В продолжение часа я быстро шел по долине, пока не дошел до склона холма, где начинались заросли кустарников. Здесь было темно, и я стал петь еще громче.
Вскоре я убедился, что мой змей не обманул меня: вот и следы скота. Я бодро пошел дальше, пока не добрался до долинки, по которой с легким журчанием протекал ручеек. Следы скота выступали уже совершенно ясно. Теперь я дошел до пруда. У самого берега плавал утонувший бык с ногами, защемленными в раздвоенном корне. Все оказалось именно так, как я видел очами моего духа.
Я сделал еще несколько шагов вперед и огляделся. Взор мой упал на что-то светлое — то был серый свет утренней зари, слабо блеснувший на рогах скота. Пока я всматривался, одно из животных захрапело, поднялось и стряхнуло с себя ночную росу. В тумане рассвета вол показался мне ростом с большого слона.
Я собрал в кучу и пересчитал всех животных — их было семнадцать, — и погнал их перед собою по узкой тропинке, ведущей к краалю. С каждой минутой становилось светлее, с минуты восхода солнца прошло уже более часа, когда я достиг того места, где мне следовало свернуть, если бы я хотел спрятать скот, как приказал мне Ньяма! Но я вовсе не желал исполнить его приказания. «О нет! Я пригоню скот, — решил я про себя, — прямо в крааль и скажу всему народу, что Ньяма — вор!»
В эту минуту послышался шум. Я оглянулся и увидел на откосе холма приближающуюся толпу народа. Во главе ее шел Ньяма. Рядом с ним я разглядел владельца скота. В полном недоумении я замер на месте. Дикари бросились ко мне с криками, размахивая палками и копьями.
— Вот он! — кричал Ньяма. — Вот он! Каков ловкий мальчик?
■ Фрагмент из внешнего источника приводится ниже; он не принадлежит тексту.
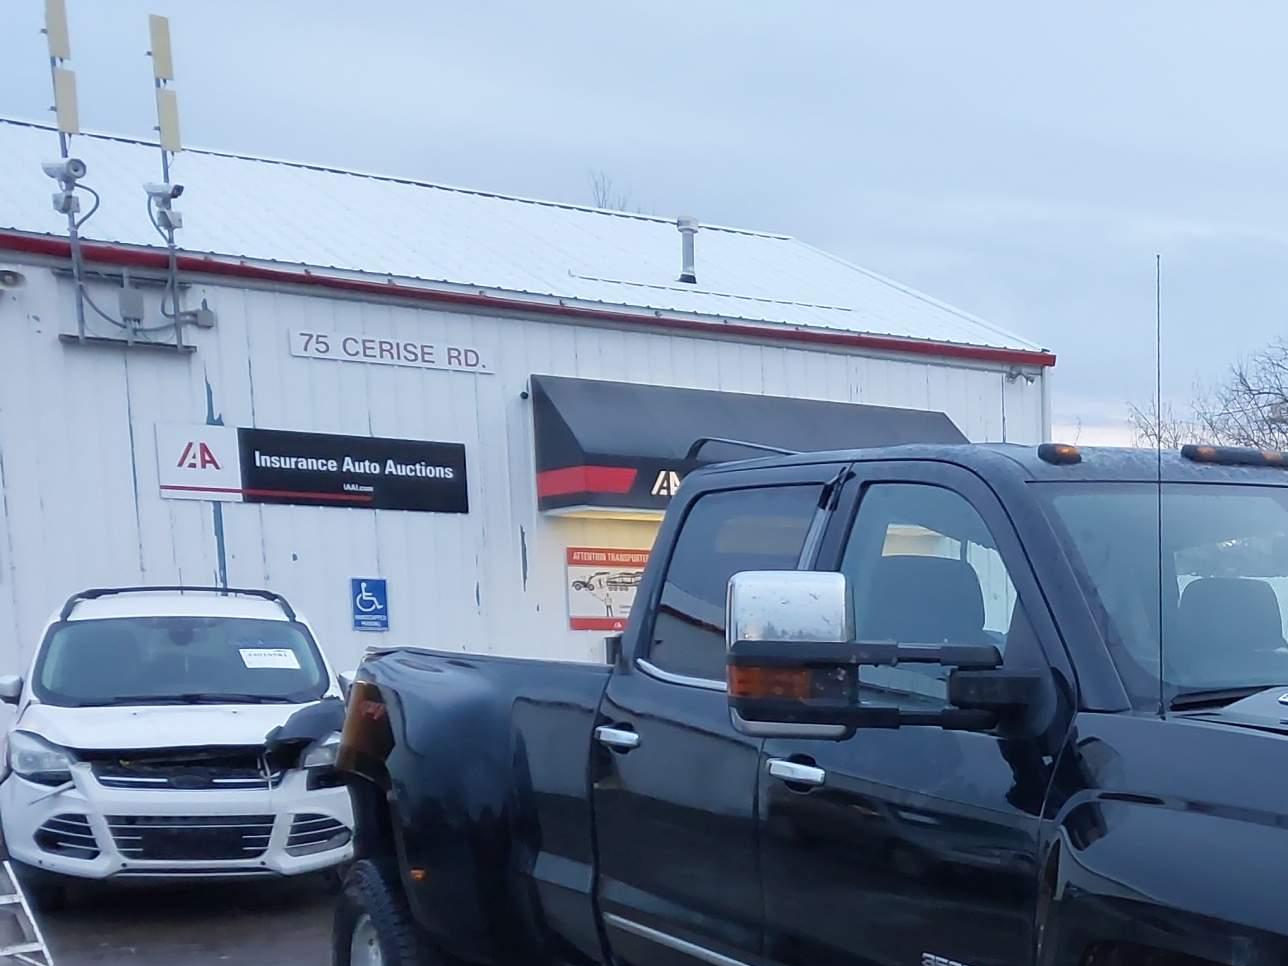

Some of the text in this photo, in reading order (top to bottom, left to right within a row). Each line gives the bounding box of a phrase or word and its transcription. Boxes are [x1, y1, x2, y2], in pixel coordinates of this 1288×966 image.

Я вырастил его, а он покрывает срамом мою седую голову! Не прав ли я? Не говорил ли я, что он вор? Да! Да! Я знаю твои проделки, Мбопа! Посмотрите, он хотел украсть скот! Он все время знал, где найти его, а теперь угоняет стадо и хочет спрятать его. Оно, конечно, пригодилось бы ему на покупку жены, не так ли, мой умный мальчик?
Старик стремительно бросился ко мне с поднятой палкой, за ним последовал владелец скота с громким злобным рычанием.
Я сразу понял, в чем дело, отец мой. В душе поднялась целая буря злобы, у меня закружилась голова, перед глазами заколыхалась как бы красная скатерть, казалось, она то опускалась, то опять поднималась. С этих пор я видел ее перед глазами каждый раз, когда мне приходилось вступать в бой.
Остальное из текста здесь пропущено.